Выбрать главу

— Всем солдатам выйти из толпы, — проорал он. — Всем комсомольцам выйти из толпы. Всем сотрудникам милиции выйти из толпы. Всем товарищам из органов выйти из толпы.

Капельки лиц начали выбираться из массы, как рисовые зернышки в движении, вытряхнулись на края площади, расходясь, одетые в зеленую форму разного цвета — армия и милиция, — в рубашки и кожаные куртки, в рабочие комбинезоны. Некоторые несли фотоаппараты и блокноты. Офицер подождал, пока они отойдут. Затем снова поднял рупор.

— Это противозаконная демонстрация. Приказываю вам немедленно разойтись.

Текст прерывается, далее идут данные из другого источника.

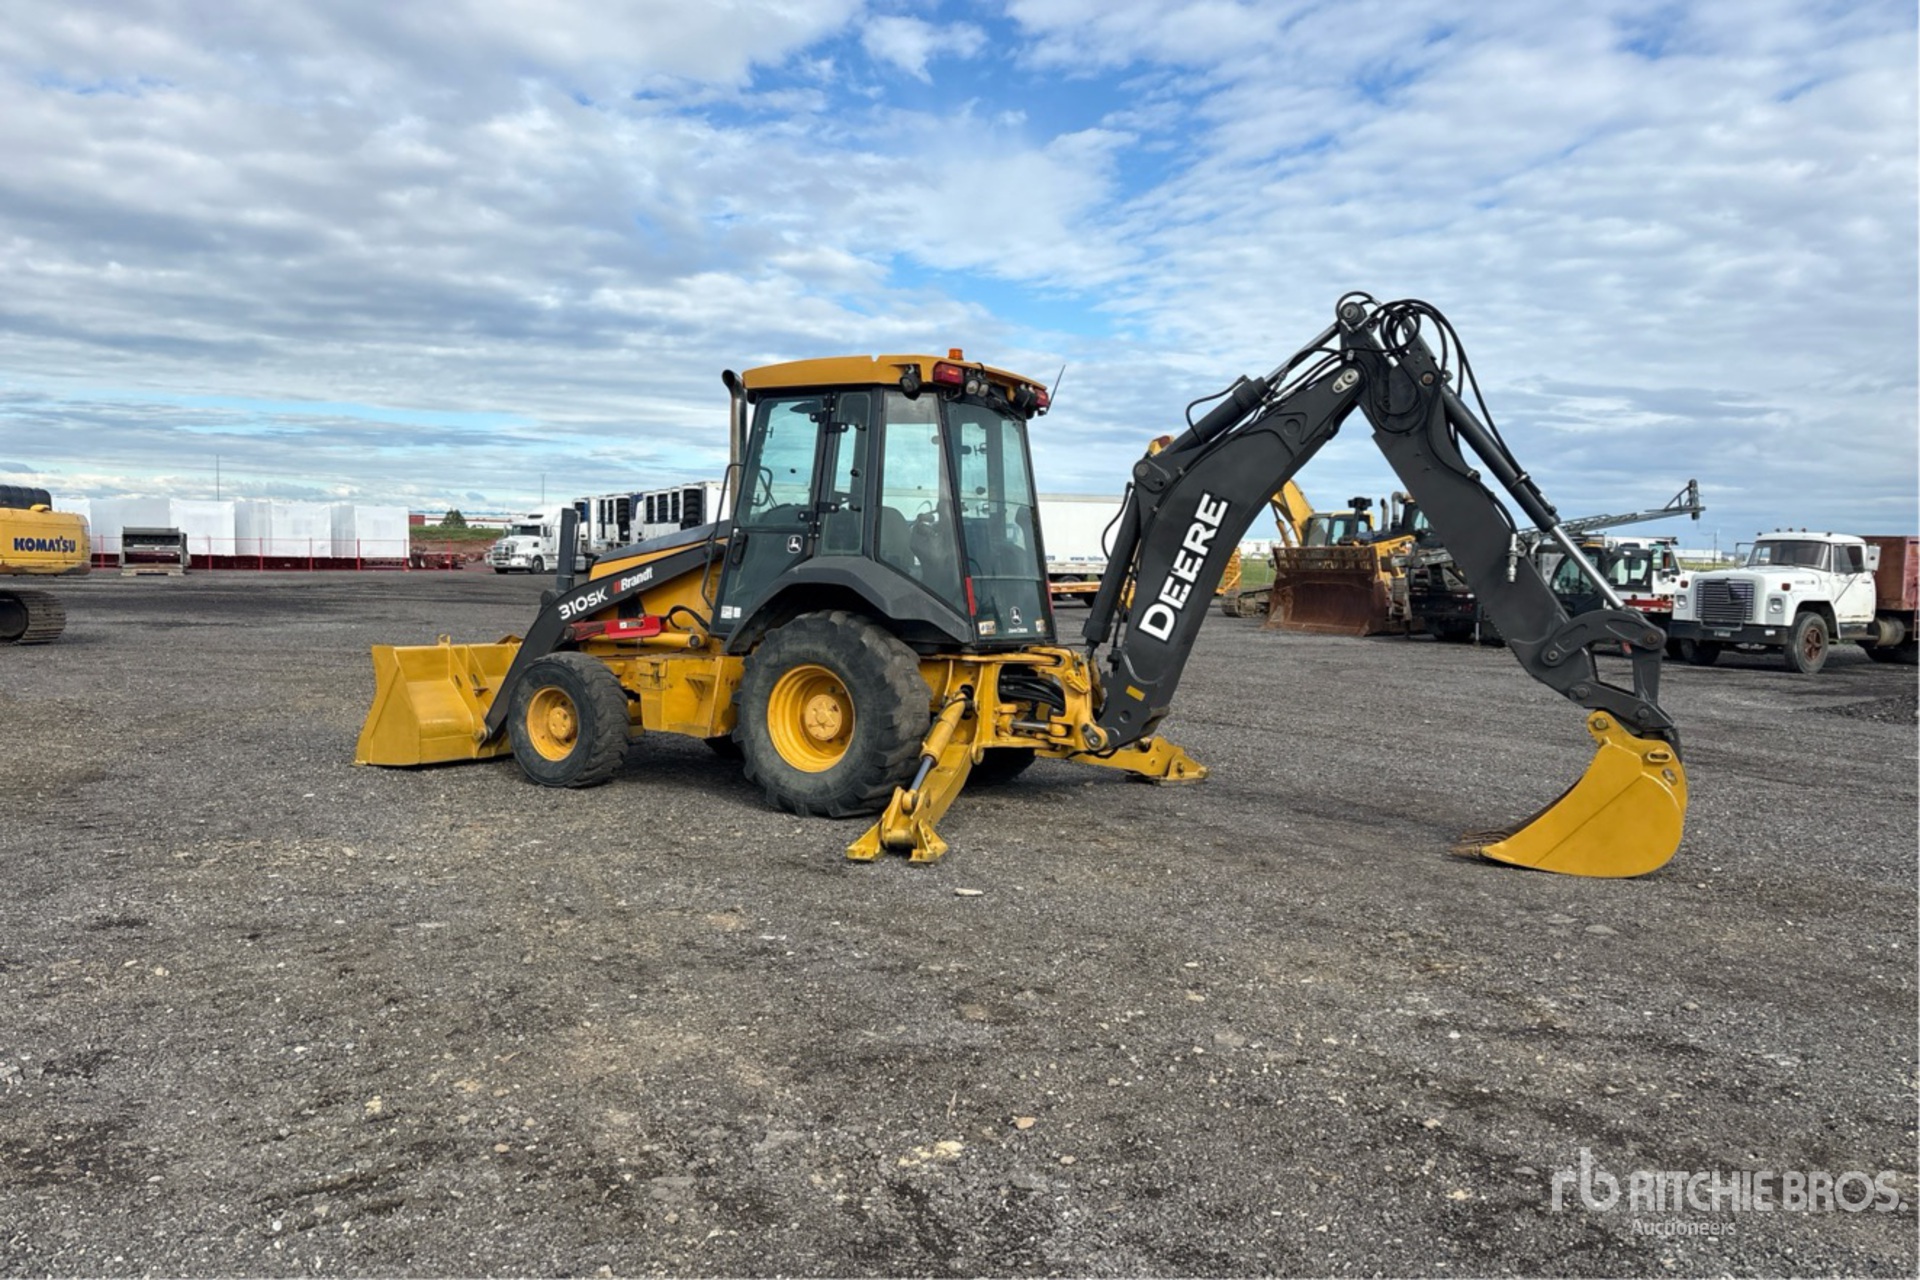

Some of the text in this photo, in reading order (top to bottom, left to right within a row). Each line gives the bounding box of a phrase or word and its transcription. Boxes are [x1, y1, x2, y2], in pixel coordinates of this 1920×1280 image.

Ваши жалобы будут рассмотрены.

— Да успокойся ты, генерал, — выкрикнул кто-то, и люди засмеялись.

— Разойтись немедленно, — продолжал офицер.

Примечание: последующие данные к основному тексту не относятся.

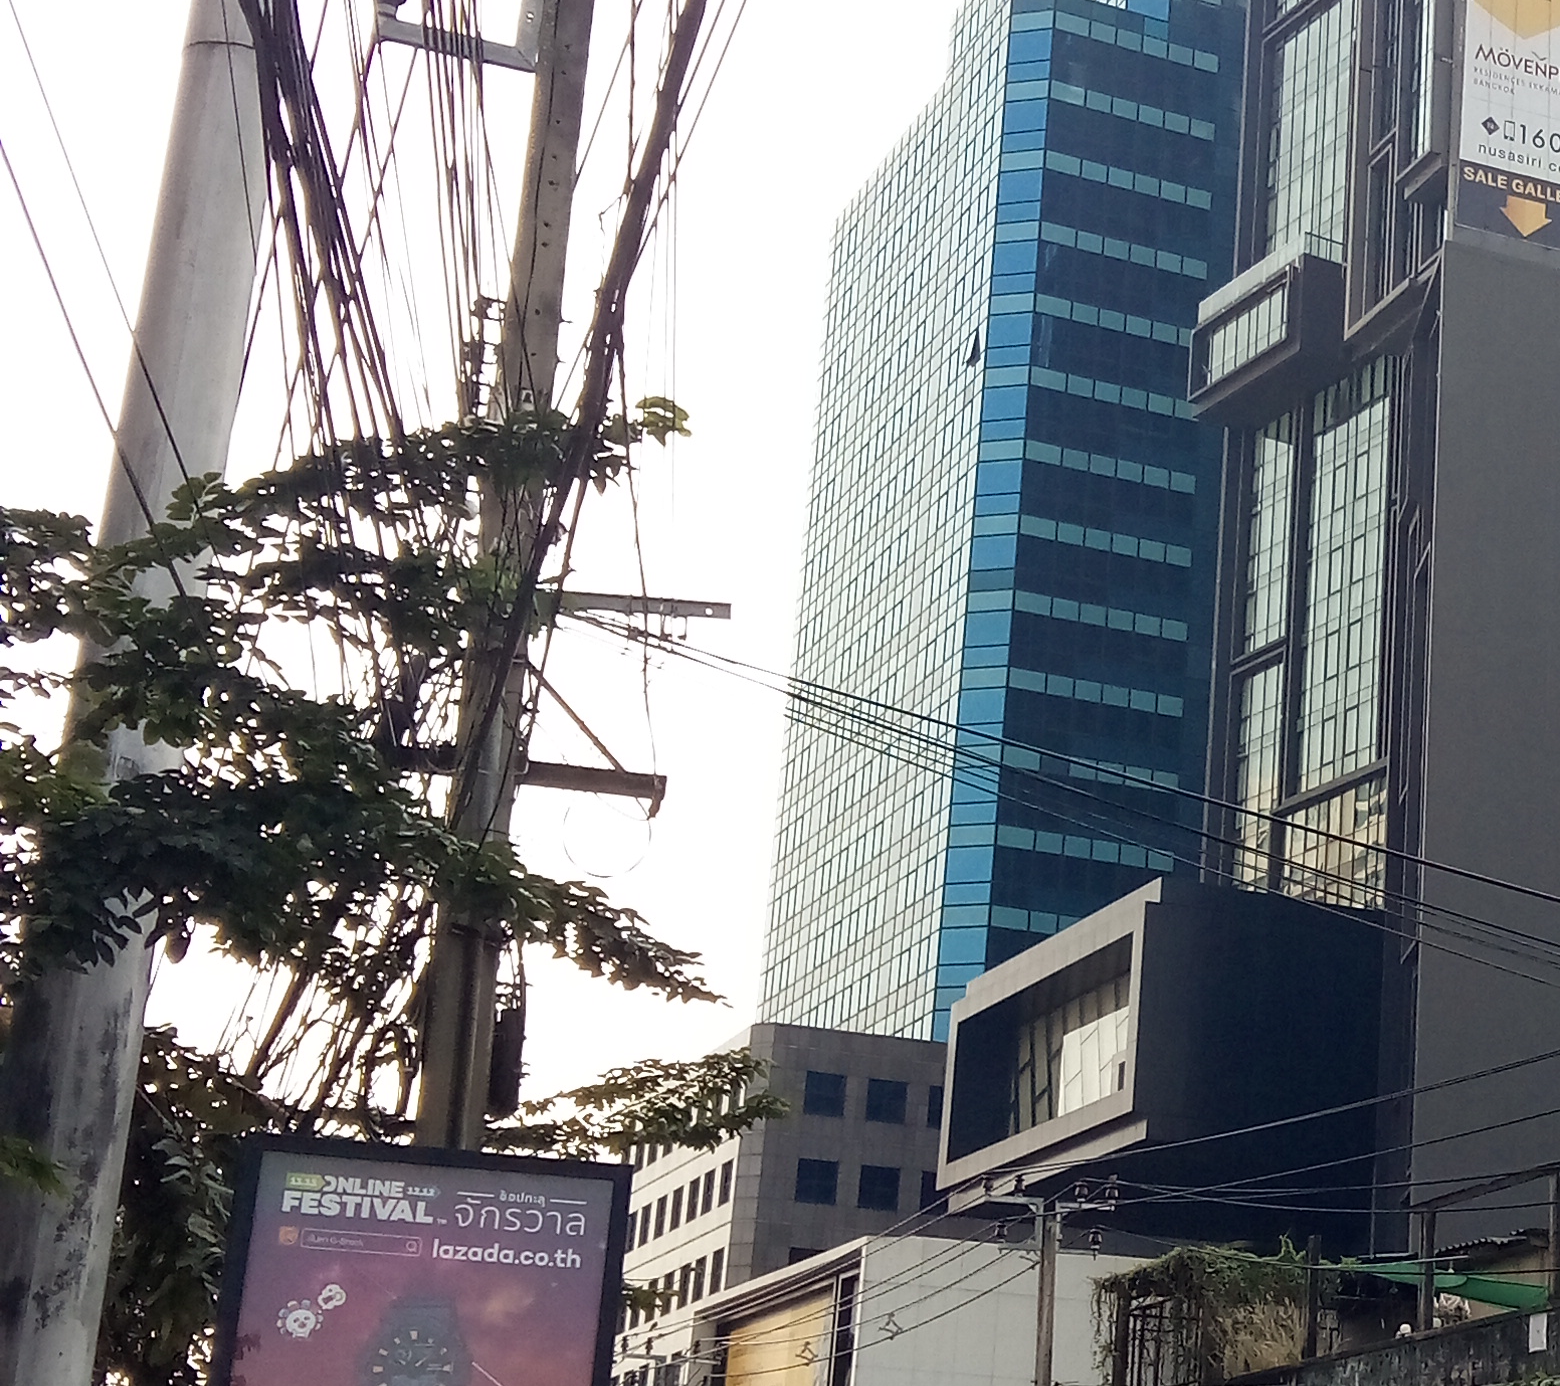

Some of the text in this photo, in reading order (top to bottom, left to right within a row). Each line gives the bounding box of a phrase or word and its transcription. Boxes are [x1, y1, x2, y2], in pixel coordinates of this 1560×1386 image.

— Не уйдем, пока с нами не поговорят, — прокричал другой голос, и одобрительный рев эхом отразился от зданий, стихая, превращаясь в отдельные шумы, потом во множество разноголосых криков.

— Да ладно вам, вы что, стрелять в нас будете?

— Сам ты разойдись!

— А ты кто такой нашелся приказывать?

— Вставайте вместе с рабочими!

— Микояна пришлите!

— Мя-со, мо-ло-ко, по-вы-ше-ни-е зар-пла-ты!

— Идите по домам, — в голосе офицера прозвучало что-то новое, что заставило часть толпы опять засмеяться, но другая часть нервно зашевелилась. — Считаю до трех, если не начнете расходиться, мне ничего другого не останется. Считаю до трех и даю команду стрелять. Раз.

Солдаты в первом ряду на ступенях горкома опустились на одно колено и подняли винтовки, но направили их не на толпу, а в небо, словно почетный караул на очень шумных похоронах. На этом коллективный голос толпы в самом деле изменил тональность: он понизился до взволнованного басового бормотания, сидевшие на траве поднялись на ноги. Край толпы, находившийся ближе всего к горкому, даже отодвинулся на несколько метров, отступая от ряда винтовок.

— Два, — прокричал офицер. — Домой идите, говорю же вам, идите домой!

Толпа колыхнулась, но кто-то выкрикнул:

— Не станут они в людей стрелять, — и бастующие снова волной двинулись вперед, люди в первых рядах с меньшим энтузиазмом, но их несли напиравшие сзади.

— Три, — проорал офицер во внезапно установившуюся тишину.

Толпа стояла. Солдаты ждали. Офицер беспомощно вытащил свой пистолет и выстрелил в воздух над головой; раздался слабый треск; солдаты, стоявшие на коленях, по сигналу дали раскатистый залп, гораздо громче, и от ступеней горкома поднялись облачка ружейного дыма.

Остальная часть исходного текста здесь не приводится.